Nitrogen stable isotope and carotenoid pigments signatures in the meat as tools to trace back the diet: Comparison between two sheep breeds

•Two dietary biomarkers in two sheep breeds were investigated.•We compared two dietary lucerne levels and two sheep breeds (Romane vs Limousine).•δ15N in meat did not differ between breeds and successfully traced back the diet.•Plasma carotenoid content and fat carotenoid signature differed between breeds.•Breed-specific database may be required when using carotenoid for authentication.

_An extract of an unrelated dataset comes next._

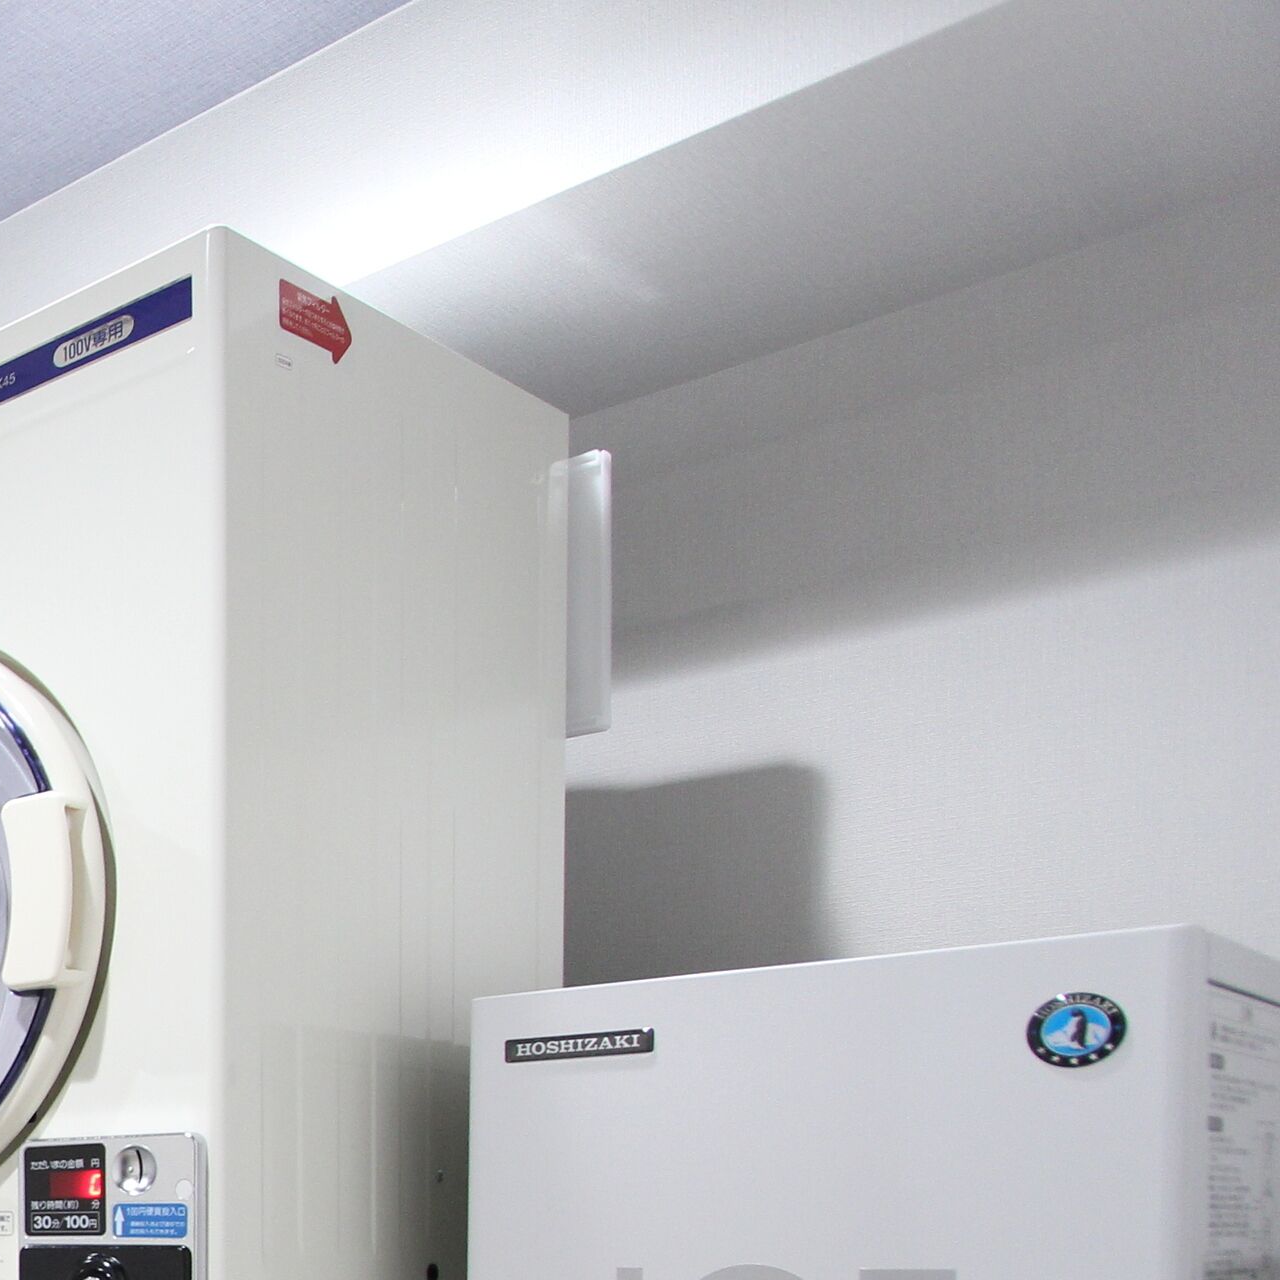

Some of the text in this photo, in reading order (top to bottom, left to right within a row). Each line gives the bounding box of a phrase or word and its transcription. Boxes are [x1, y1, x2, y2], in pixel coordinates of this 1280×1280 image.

We compared the response of two dietary biomarkers (nitrogen stable isotope and carotenoid pigments signatures in lamb meat) in two sheep breeds when fed two dietary lucerne levels, and we deduct subsequent implications for diet authentication issues. Two breeds (Limousine and Romane) and two daily dietary lucerne levels (H: High, 500 g; L: Low, 0 g) were used for 60 days pre-slaughter. Treatment H comprised 35 lambs of each breed, individually penned and fed. Treatment L comprised 8 lambs of each breed, fed in groups. The δ15N value of the muscle did not differ between breeds and gave a correct classification score of 92.9% comparing lambs from both feeding treatments. The absolute value of the mean integral of perirenal fat reflectance spectrum, which quantifies light absorption by carotenoid pigments present in perirenal fat, and plasma carotenoid content were similar in L Romane and L Limousine lambs, but were higher in H Romane lambs than in H Limousine lambs As the carotenoid pigments are highly involved in the discrimination process between pasture-fed lambs and concentrate-fed lambs using visible spectroscopy on the fat, further work is required to test the extent to which this between-breed variability may modulate the reliability of pasture-feeding authentication using visible spectroscopy of the fat over a range of breeds.